From: Philippe Verdy (verdy_p@wanadoo.fr)
Date: Sun Nov 27 2005 - 15:06:30 CST

  • Next message: Philippe Verdy: "Re: Character delta between Unicode 4.1 and 5.0"

    From: "Marcin 'Qrczak' Kowalczyk" <qrczak@knm.org.pl>
    > What Java does is that converting a byte string to Unicode and back
    > can yield a different byte string without signalling any error
    > (invalid UTF-8 fragments gets converted to U+FFFD which has a
    > different representation in UTF-8). I can pass an existing filename as
    > an argument to the program, and the program will access a different
    > file. This is bad.

    Java has its own implementation issues, but this is not a language defect,
    only an implementation bug.

    My opinion is that it should not present to users a Unicode filename that it
    can't reproduce exactly asit was read from the filesystem. Java already has
    a method to query the effective (canonical) filename that is used on the
    filesystem after creation. So applications should use it (if not, it's a
    application bug, not a Java API design bug).

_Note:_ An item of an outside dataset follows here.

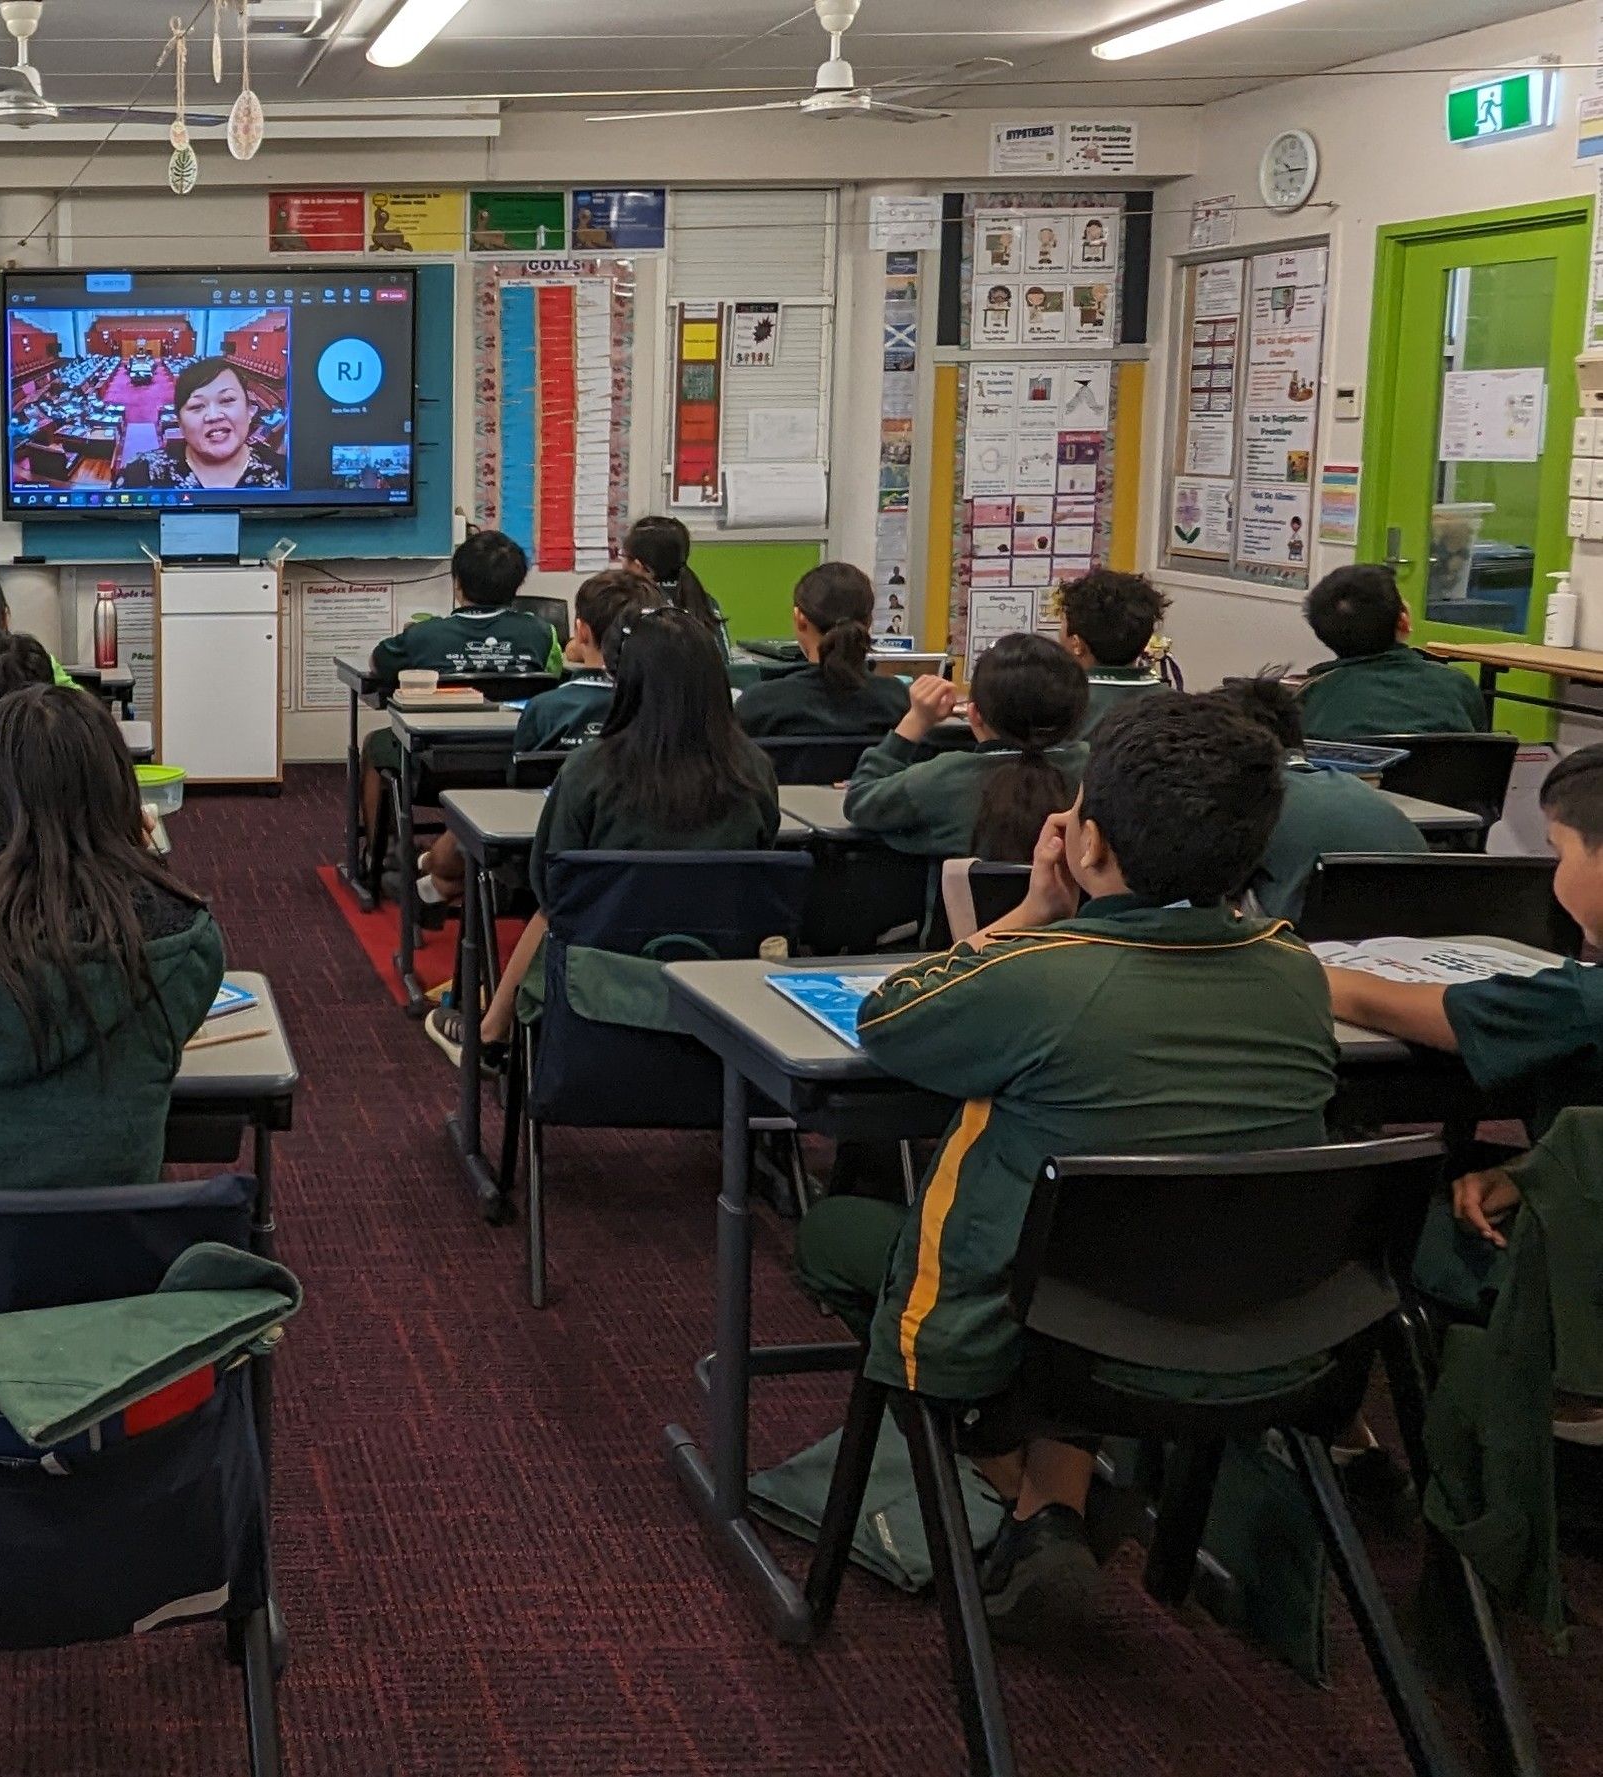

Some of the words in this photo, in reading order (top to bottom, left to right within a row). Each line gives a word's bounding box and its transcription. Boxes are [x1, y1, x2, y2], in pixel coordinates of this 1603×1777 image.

    Applications should also check for file existence using the canonical names
    reported from the filesystem (using simple equality does not work with
    filesystems that are insensitive to case).

    Filesystems that currently allow storing random byte strings are bogous and
    should be corrected (the historic UFS filesystem for Unix needs a fix, at
    least in its associated filesystem tools like "fsck"). All filesystems
    should be consistent with the character encoding they use, even if it's only
    pure ASCII (such as ISO9660). If this is not enforced for now in a specific
    filesystem, it should be enforced system-wide in the OS itself and all its
    API's, with a global system setting considered immediately at boot time.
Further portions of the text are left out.